For managing anxiety with brahmi powder, a traditional Siddha-Ayurvedic approach can offer guidance. Begin with half a teaspoon of brahmi powder daily. Mix it with warm water, which aids digestion and absorption. Take it on an empty stomach in the morning, or about an hour before meals to enhance its calming effects and balance vata and pitta doshas.
If the taste is too bitter, combining it with honey or adding it to a smoothie is perfectly fine. Honey will slightly mitigate the bitterness and provide you with an energy boost. However, note that brahmi powder might alter the color and taste of a smoothie, as you’ve already observed.
Regarding supplement interactions, while brahmi is generally safe, it’s crucial to consider its cooling nature. If you’re unsure about interactions, it may be wise to consult with an Ayurvedic practitioner or a healthcare provider familiar with your entire supplement regimen. Keeping them updated ensures you’re not overlapping supplements with similar effects.

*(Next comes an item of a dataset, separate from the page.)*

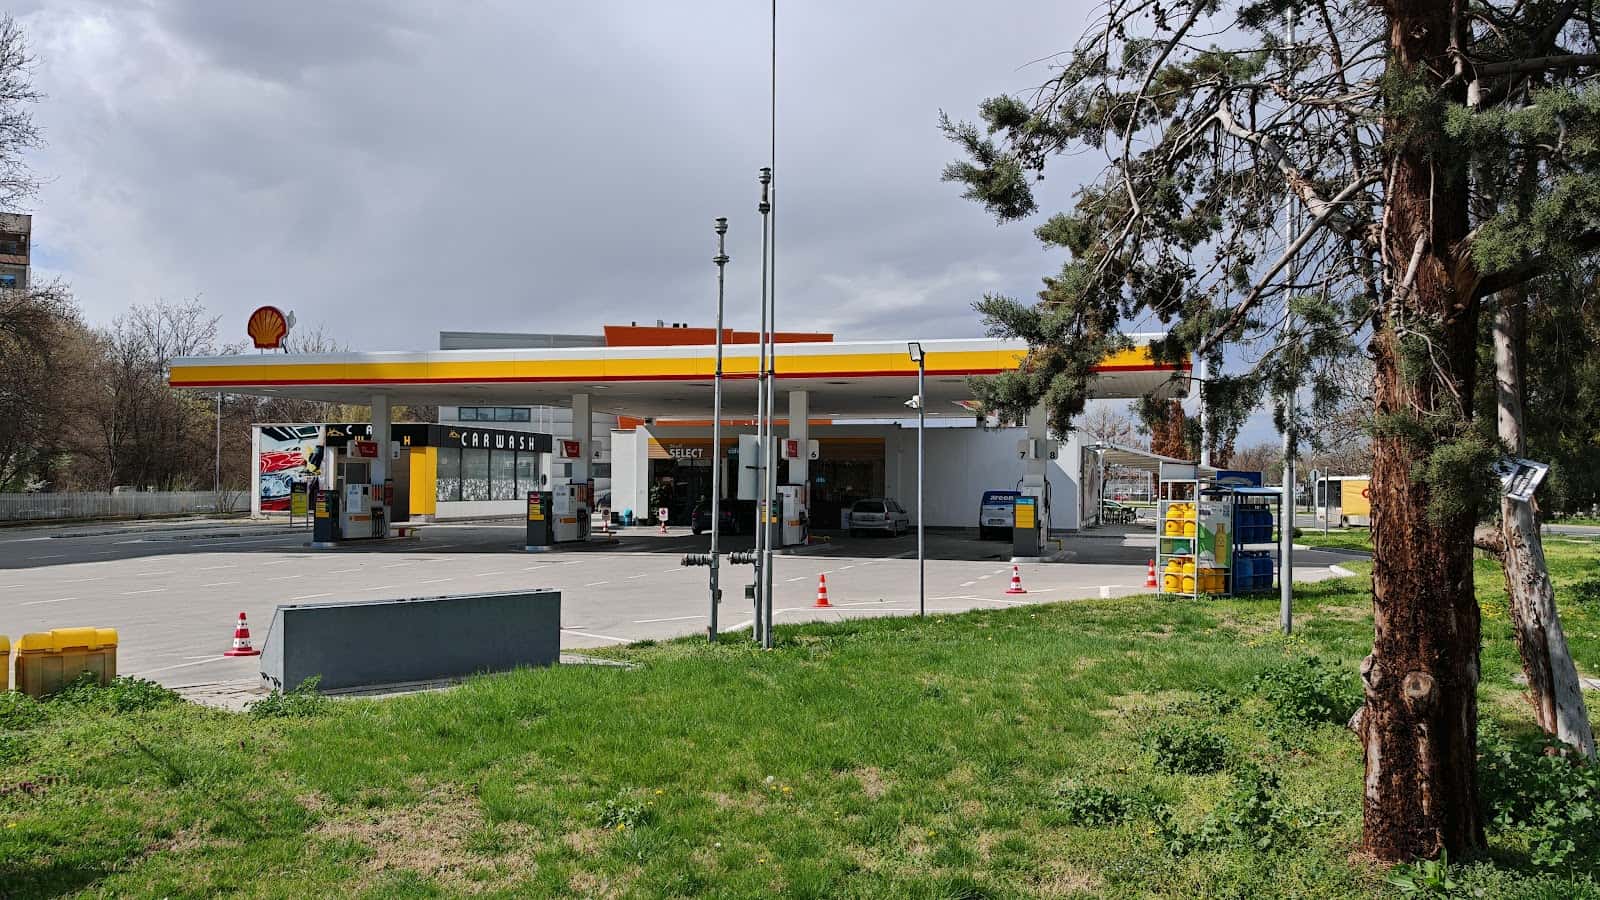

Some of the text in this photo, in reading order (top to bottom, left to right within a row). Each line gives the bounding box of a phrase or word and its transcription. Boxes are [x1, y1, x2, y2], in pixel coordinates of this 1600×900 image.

As for results, it’s not instant. Typically, with daily intake, effects are noticeable within a few weeks, but this varies. Observing any subtle changes in your anxiety levels over the first month can provide insight into its effectiveness. It’s critical to complement its use with lifestyle practices like regularity in meals, yoga, breathing exercises, and adequate rest, as these enhance the herbs’ benefits and overall well-being.
If prolonged anxiety persists, consider getting personalized advice. The root causes and needs of the body should always drive an individual’s wellness choices, and it’s important to address any deeper underlying imbalances if present.